I think it’s absolutely essential for a grief counselor to be able to tolerate intense emotions/reactions. It’s very common for acutely bereaved individuals to display “large” and “loud” emotions and reactions, and we must be able to maintain a “calm, dispassionate demeanor” through it all.

I feel it’s essential to have a high threshold for facing another person’s distress. That doesn’t mean this work doesn’t affect you – it does. But, in the moment, it’s not helpful if you’re made uncomfortable by someone else’s wailing or anger or catatonia. It’s not helpful if you end up grieving harder than they are, and they feel like they have to take care of you.

What is a typical workday like for you?

I don’t typically have regular “clients,” as in traditional psychotherapy. It’s more common for me to be in places/situations where a tragedy has just happened, and folks have recently been informed of a loss. So, my days are unpredictable – situations can pop up unexpectedly, and I typically have to respond fast (or organize other counselors to respond quickly).

Occasionally when I do see clients, it’s for acute or traumatic (homicide, suicide, sudden tragic death) loss, and people are grappling with difficult, conflicting, and uncomfortable emotions.

What is the most rewarding aspect of your profession?

It is an absolute honor to be able to support someone through (what is likely) one of their darkest moments in life.

I am forever humbled by the human spirit and the grace with which people are able to treat others.
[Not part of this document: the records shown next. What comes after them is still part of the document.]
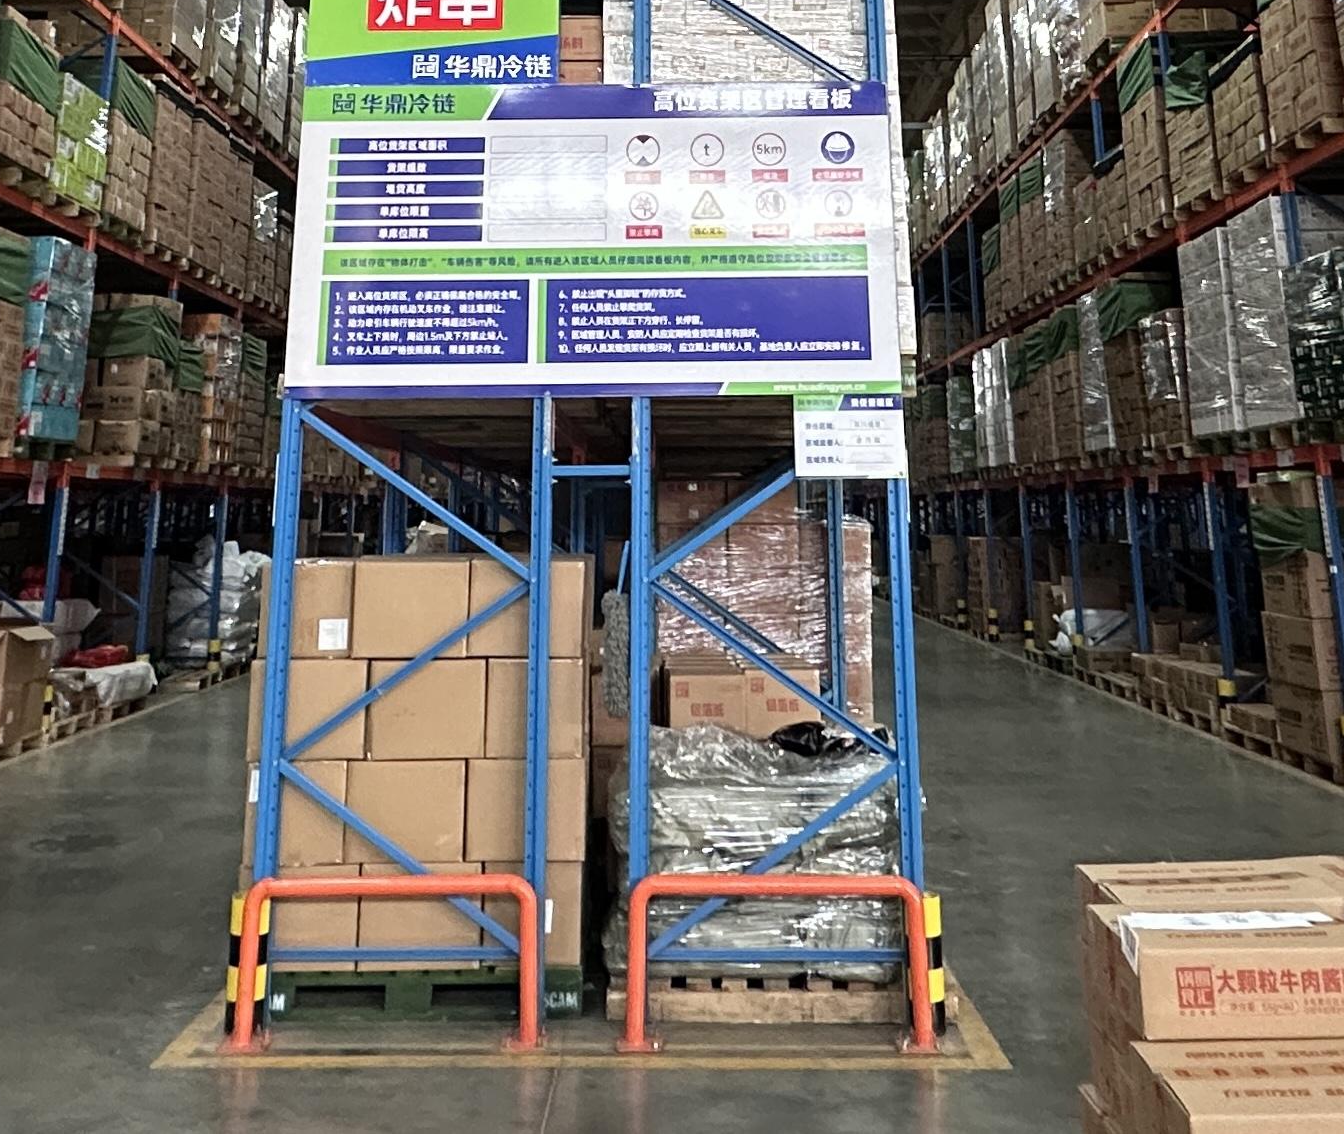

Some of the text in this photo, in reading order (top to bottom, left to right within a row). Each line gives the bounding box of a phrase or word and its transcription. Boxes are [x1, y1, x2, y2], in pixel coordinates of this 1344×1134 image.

[443, 54, 552, 79] 华鼎冷链
[360, 92, 456, 115] 华鼎冷链
[653, 87, 852, 112] 高位货架区管理看板
[756, 142, 783, 156] 5km
[1216, 968, 1342, 994] 大颗粒牛肉酱
I am always floored by human beings’ capacity to withstand unbearable loss and tragedy. I often find myself thinking, “if that had happened to me, I’d crawl into bed and never leave,” and yet every day I see people get up and shoulder their day, often with unfathomable pain, and almost always with a fortitude that seems super-human.
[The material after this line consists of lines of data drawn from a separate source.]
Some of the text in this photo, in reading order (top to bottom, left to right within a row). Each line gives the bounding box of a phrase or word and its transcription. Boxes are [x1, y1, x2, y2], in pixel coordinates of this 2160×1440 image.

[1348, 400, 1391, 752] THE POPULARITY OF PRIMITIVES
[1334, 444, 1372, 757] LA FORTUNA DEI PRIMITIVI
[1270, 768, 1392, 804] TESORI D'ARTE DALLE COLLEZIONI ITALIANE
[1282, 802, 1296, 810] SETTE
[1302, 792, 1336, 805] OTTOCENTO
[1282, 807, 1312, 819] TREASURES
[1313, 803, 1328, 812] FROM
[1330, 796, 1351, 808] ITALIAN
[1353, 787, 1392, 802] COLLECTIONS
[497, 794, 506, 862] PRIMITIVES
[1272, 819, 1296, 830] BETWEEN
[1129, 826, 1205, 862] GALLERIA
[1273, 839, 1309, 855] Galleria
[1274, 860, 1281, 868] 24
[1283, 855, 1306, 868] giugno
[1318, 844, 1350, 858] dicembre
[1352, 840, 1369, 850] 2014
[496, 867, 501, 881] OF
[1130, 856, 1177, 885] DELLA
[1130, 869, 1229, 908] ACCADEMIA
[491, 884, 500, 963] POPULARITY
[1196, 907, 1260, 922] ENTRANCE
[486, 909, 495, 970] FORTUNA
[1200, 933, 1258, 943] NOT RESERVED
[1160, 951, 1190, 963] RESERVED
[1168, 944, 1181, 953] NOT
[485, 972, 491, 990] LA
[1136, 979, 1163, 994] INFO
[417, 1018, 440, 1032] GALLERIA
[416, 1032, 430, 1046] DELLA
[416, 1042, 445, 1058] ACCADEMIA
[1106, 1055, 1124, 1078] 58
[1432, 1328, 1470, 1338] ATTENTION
What challenges do you face as a grief counselor?

It’s hard to deal with so much loss and pain – especially the children. I have many good coping strategies, and great peers and support, so I’m able to manage all the trauma. But of course, there are moments when it can be particularly challenging.
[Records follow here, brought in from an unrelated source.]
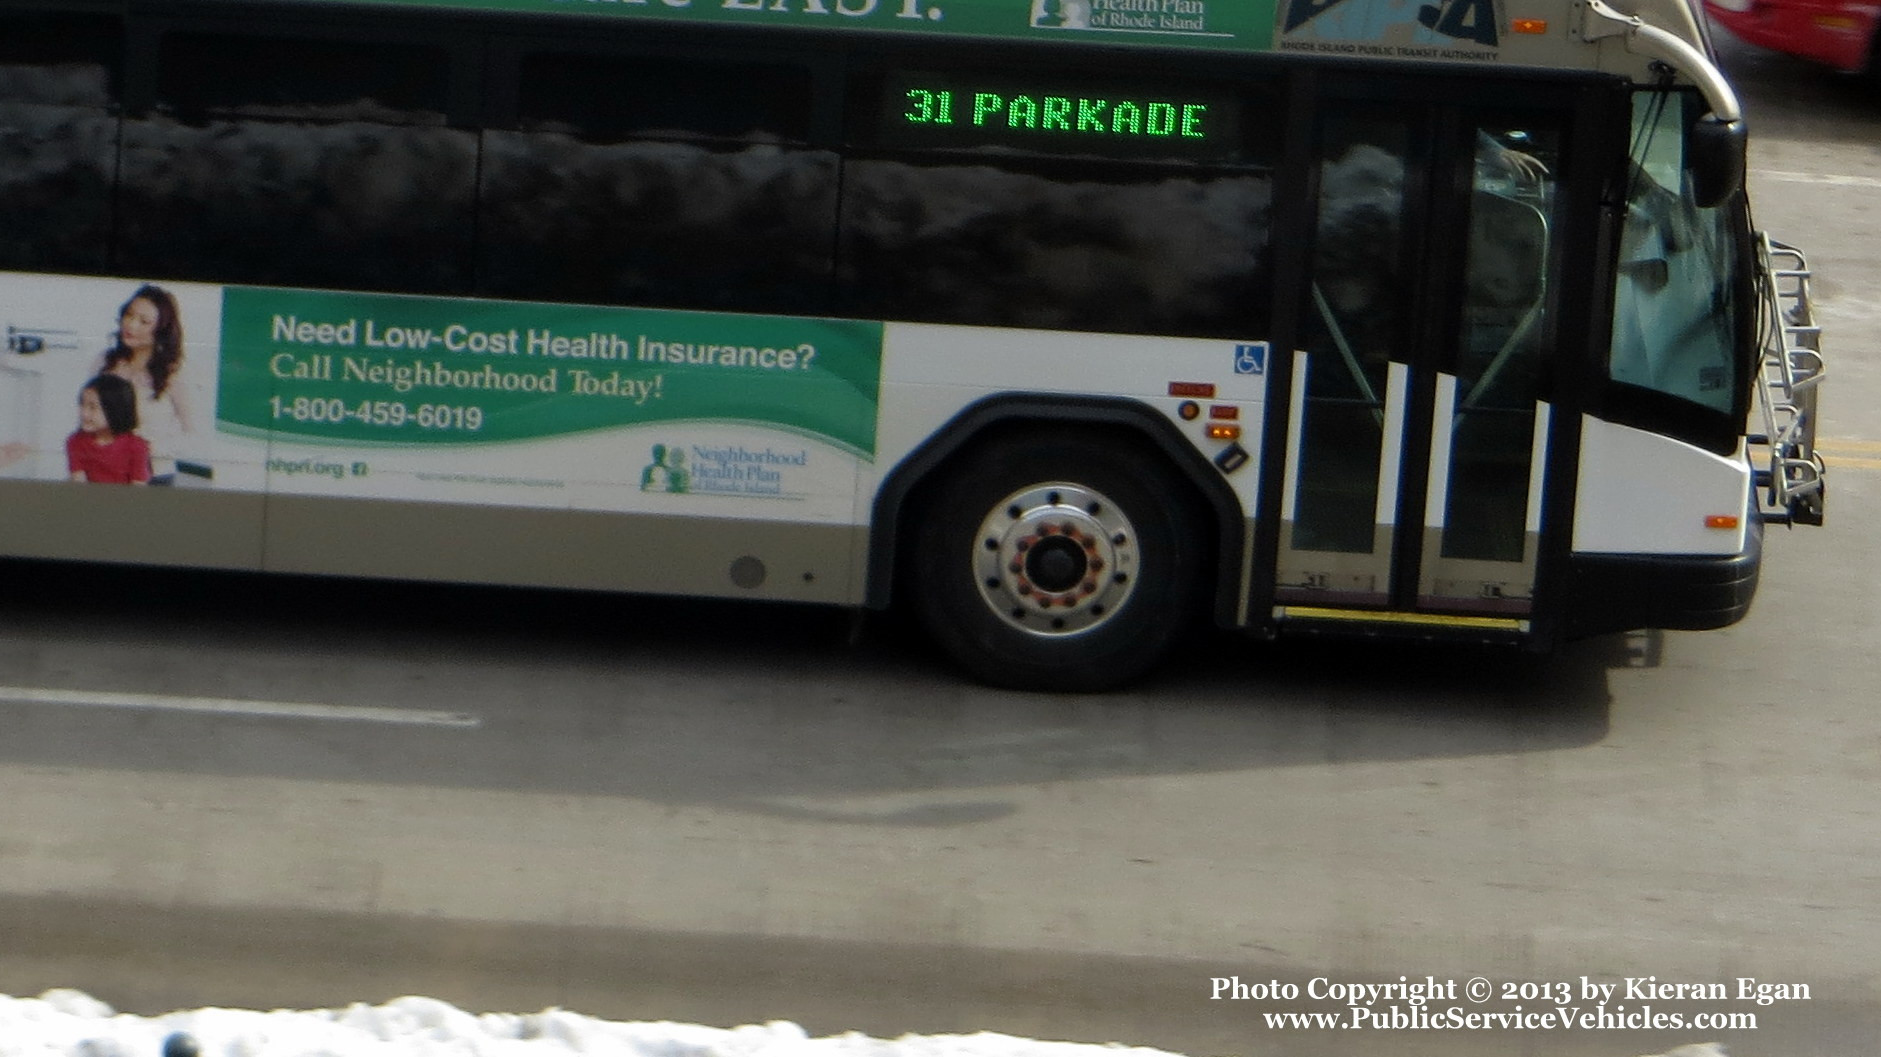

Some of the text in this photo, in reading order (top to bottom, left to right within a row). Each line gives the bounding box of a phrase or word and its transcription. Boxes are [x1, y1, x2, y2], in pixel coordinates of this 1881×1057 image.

[1090, 12, 1204, 31] of Rhode Island
[1281, 41, 1499, 62] RHODE ISLAND PUBLIC TRANSIT AUTHORITY
[904, 89, 1208, 138] 31 PARKADE
[271, 314, 816, 371] Need Low-Cost Health Insurance?
[269, 353, 665, 406] Call Neighborhood Today!
[269, 395, 483, 431] 1-800-459-6019
[692, 444, 808, 466] Neighborhood
[691, 462, 781, 482] Health Plan
Three examples come to mind:

  1. Years ago I attended, to provide support, the wake/funeral of a teen who died from a sudden heart attack. I was saddened that he had died, but what got to me was watching his parents receive people with a smile throughout the wake. I remember crying on my drive back to work and impulsively pulling into a grocery store to buy a plant I had seen hanging outside. I think I just needed to be surrounded by life. Ironically, that plant eventually took over my entire office.
  2. One of my hardest responses I’ve done is when I sat with a woman whose young nephew had drowned in her pool, on her watch. I remember her utter resignation. I remember thinking, “She doesn’t need me. She needs absolution from a priest.”
  3. Most recently, I went to watch the live musical production of “Dear Evan Hansen.” It deals with the suicide death of a teen early on. I was fine throughout the entire show…until the actor that played him came out on stage to take his final bow at the end of the show. I lost it. I was sobbing as people around me applauded and eventually exited. My husband even turned around a few times to ask if I was doing okay. I had been, until that actor’s bow made me think of all the kids we’d lost, especially to suicide. I could see each of their faces and remember each response. I had kept it all at bay, until that moment.

So yes, I love the work, and wouldn’t trade it, but gosh, we deal with a lot of tragedy.